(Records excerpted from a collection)
::::::::::

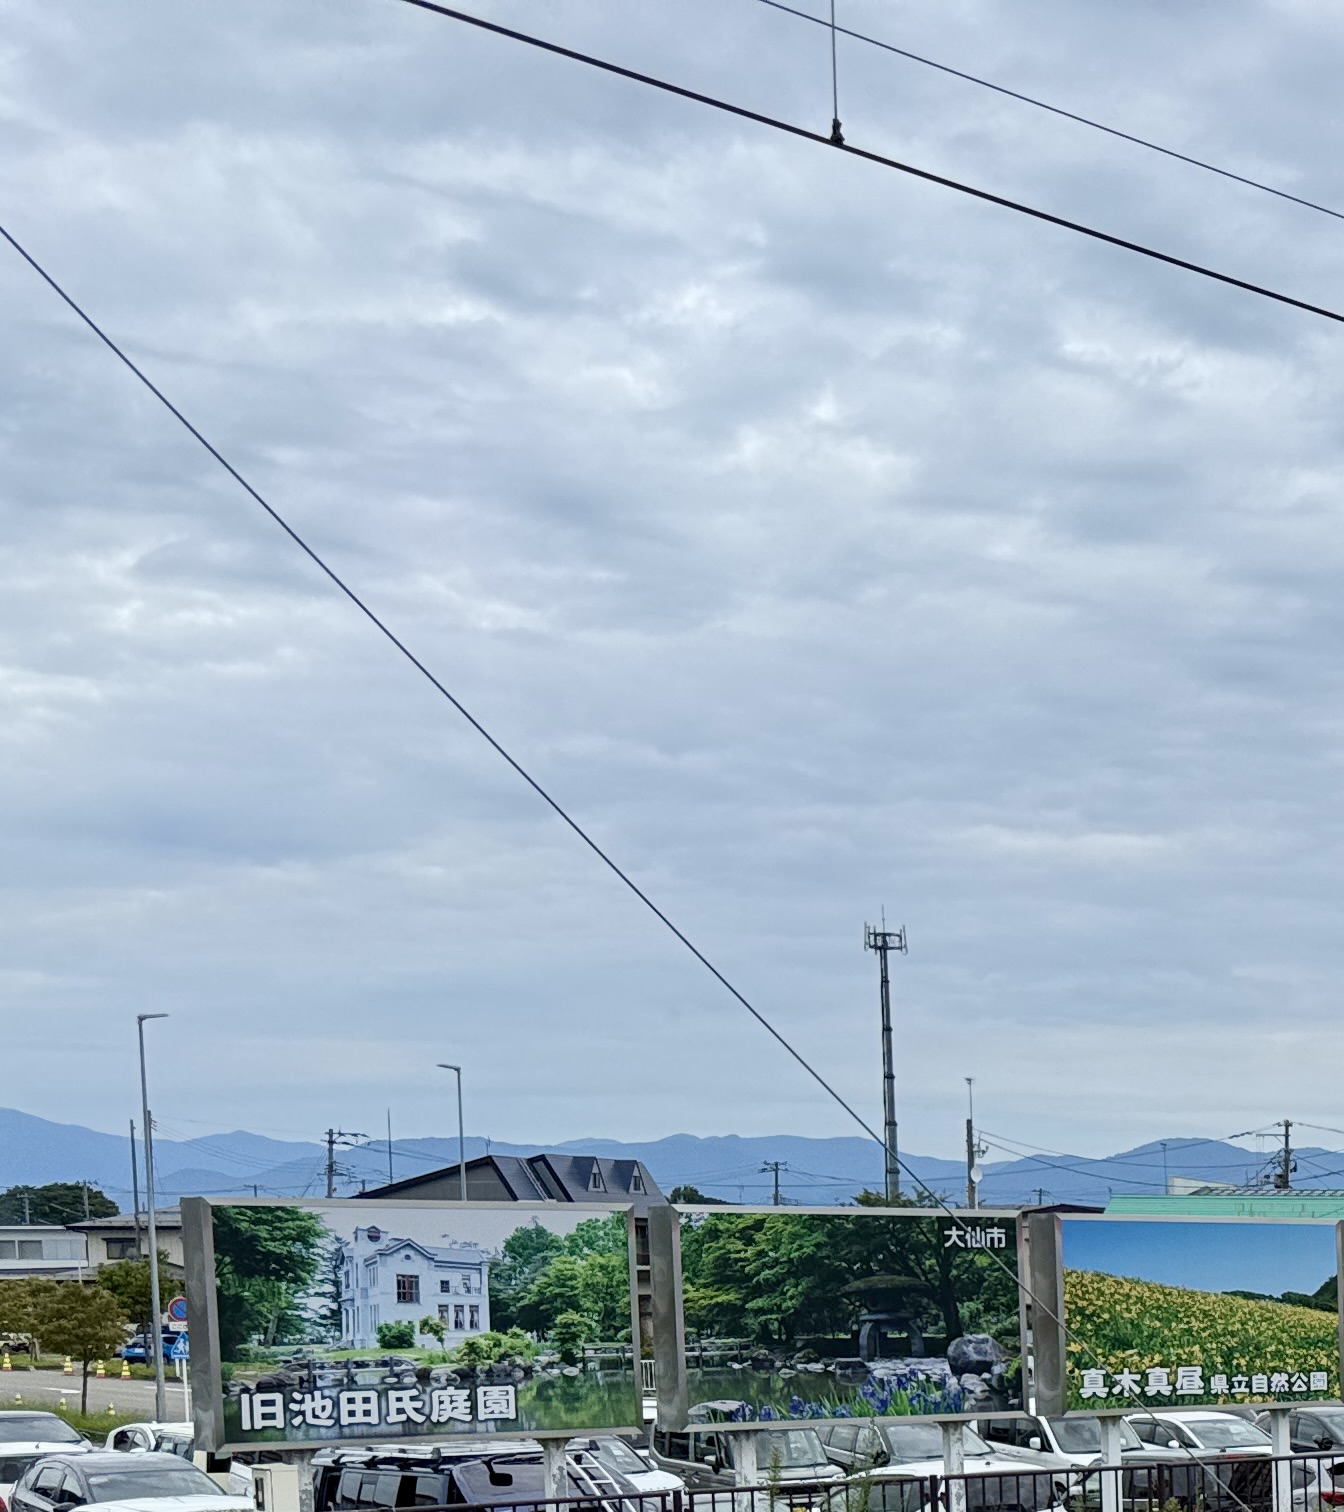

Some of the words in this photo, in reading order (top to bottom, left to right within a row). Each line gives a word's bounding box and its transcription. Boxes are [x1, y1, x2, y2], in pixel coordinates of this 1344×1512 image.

[944, 1226, 1006, 1248] 大仙市
[1079, 1366, 1205, 1398] 真木真昼
[1210, 1371, 1328, 1395] 県立自然公園
[241, 1384, 515, 1430] 旧池田氏庭園

::::::::::

Instructions for the task:
Repeat the records in full, precisely, and keep the pictures out.

Written answer:
Some of the words in this photo, in reading order (top to bottom, left to right within a row). Each line gives a word's bounding box and its transcription. Boxes are [x1, y1, x2, y2], in pixel coordinates of this 1344×1512 image.

[944, 1226, 1006, 1248] 大仙市
[1079, 1366, 1205, 1398] 真木真昼
[1210, 1371, 1328, 1395] 県立自然公園
[241, 1384, 515, 1430] 旧池田氏庭園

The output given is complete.